Nano-Pt induced mitochondria-dependent apoptosis and cytoprotective autophagy in human NSCLC cells.

Given that currently used classical chemotherapeutic drugs lack the ideal therapeutic effect and produce severe side effects, platinum nanomaterials (Pt-NMs) have gradually gained attention, and their antitumor effect has been initially explored. However, the specific mechanisms underlying the action of Pt-NMs in non-small cell lung cancer (NSCLC) cells remain unclear. Moreover, the interaction between Pt-NMs and autophagy in inducing apoptosis of NSCLC cells remains unexplored. In this study, we explored the anti-NSCLC effect of amine-caged Pt nanoclusters (Nano-Pt) using cell cycle, migration, proliferation, apoptosis, and autophagy assays.

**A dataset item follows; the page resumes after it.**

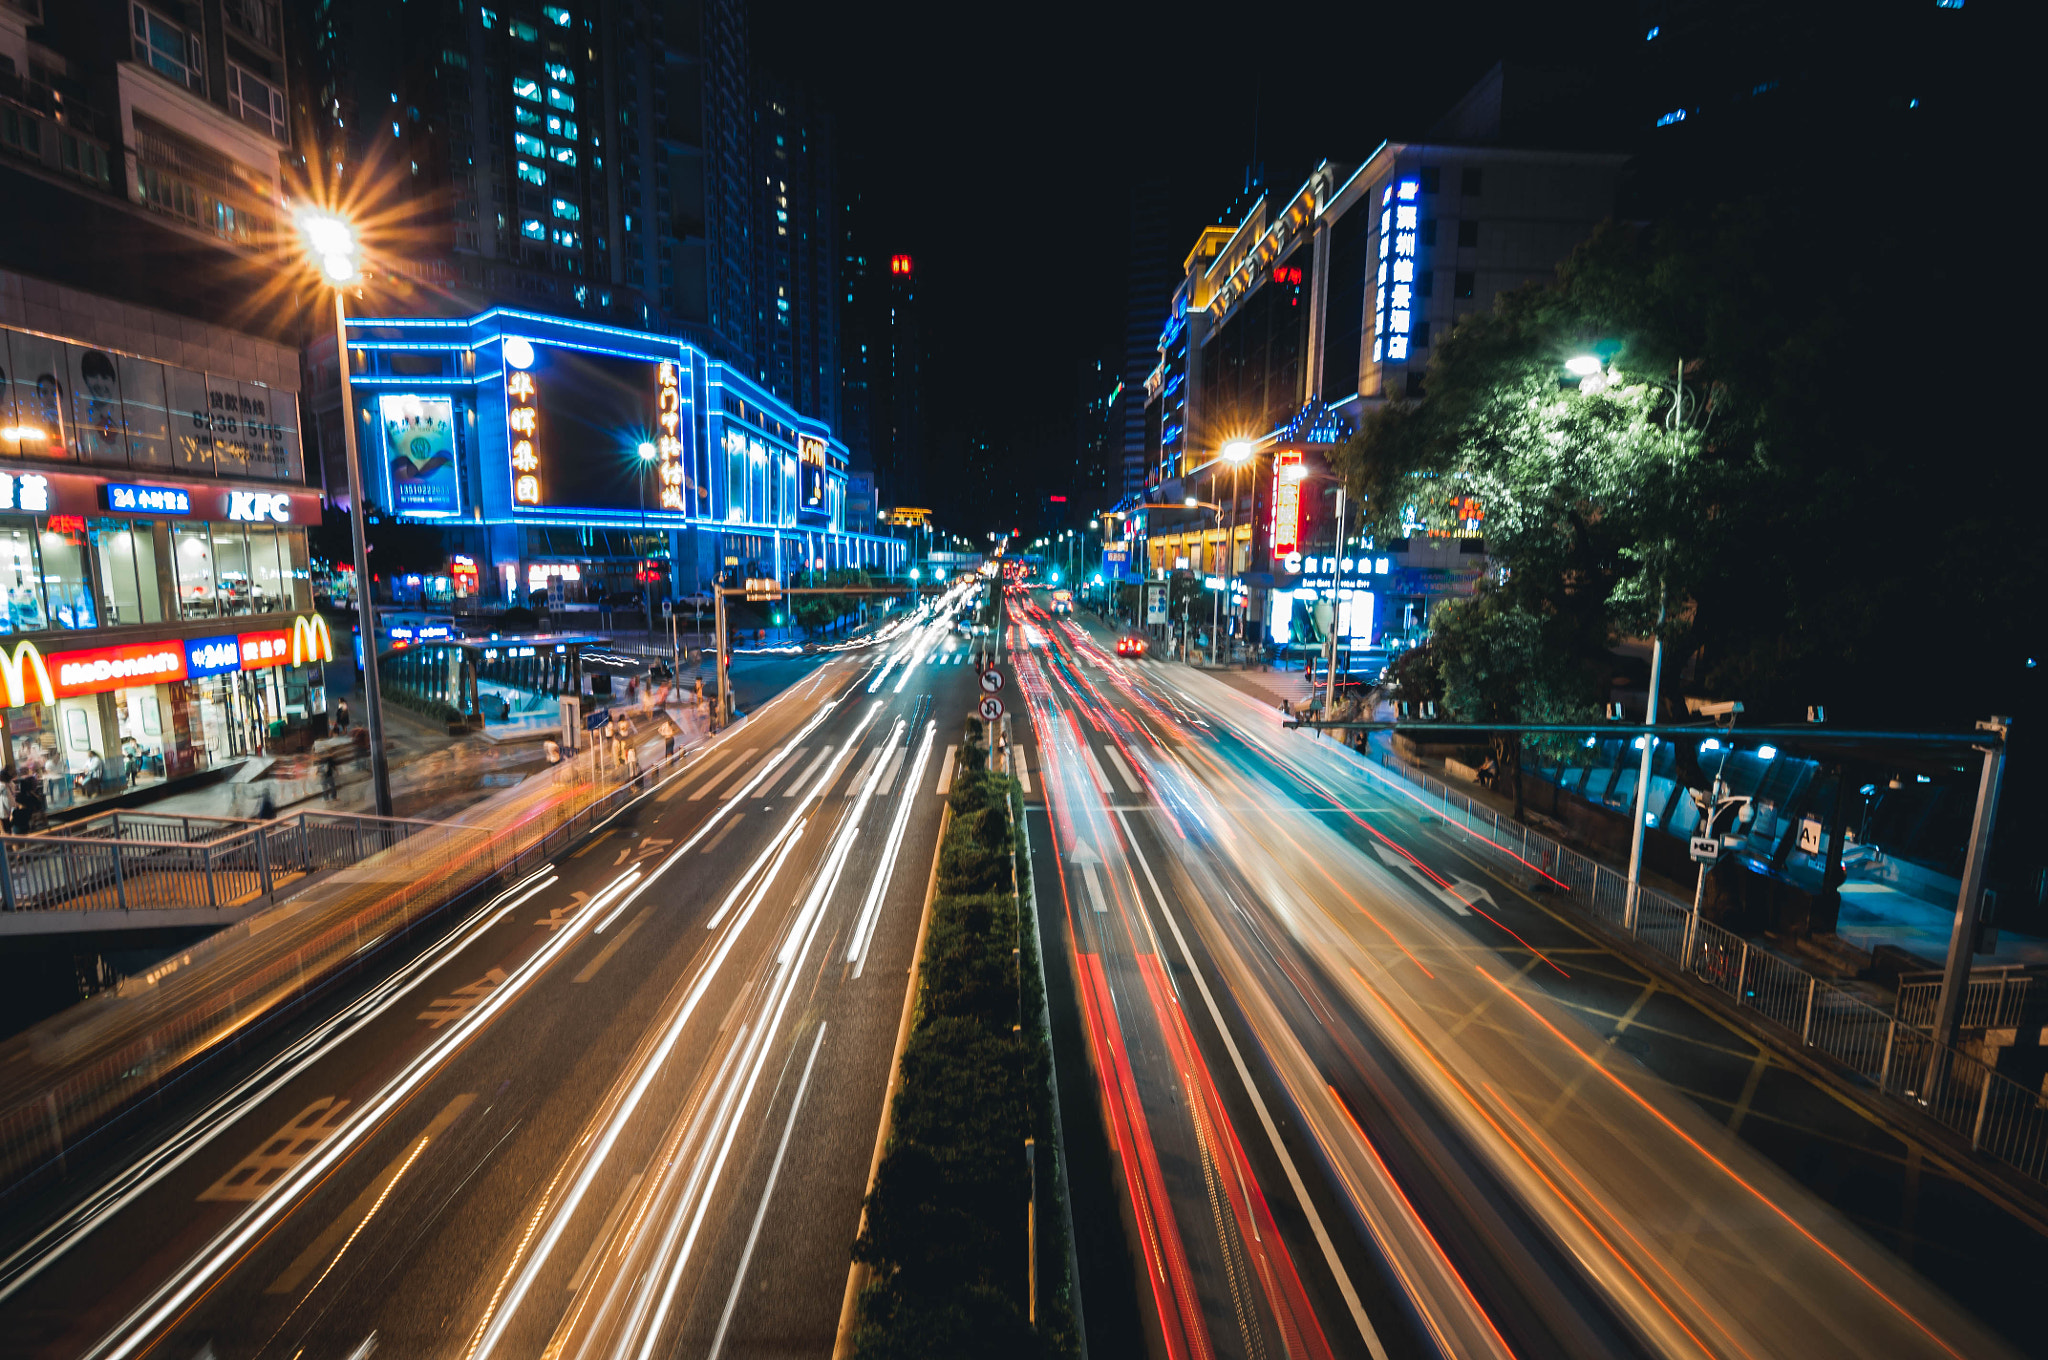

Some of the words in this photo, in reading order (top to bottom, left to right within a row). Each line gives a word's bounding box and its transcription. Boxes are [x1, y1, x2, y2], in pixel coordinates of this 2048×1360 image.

We found that Nano-Pt significantly inhibited cell viability, reduced migration ability, caused DNA damage, induced S phase (period of DNA synthesis in the cell cycle) arrest, and promoted apoptosis in NSCLC cells. Nano-Pt also reduced mitochondrial membrane potential (MMP), increased permeability transition, and promoted apoptosis by upregulating Bax and PARP expression. Nano-Pt-induced apoptosis was accompanied by protective autophagy, which could be enhanced by autophagy inhibitors. Our findings on the biological behavior and the interaction between autophagy and apoptosis can provide the clear anti-NSCLC molecular mechanism of Nano-Pt, which have a promising potential for the development of novel Pt-based antitumor chemotherapy drugs with excellent curative efficacy and fewer side effects.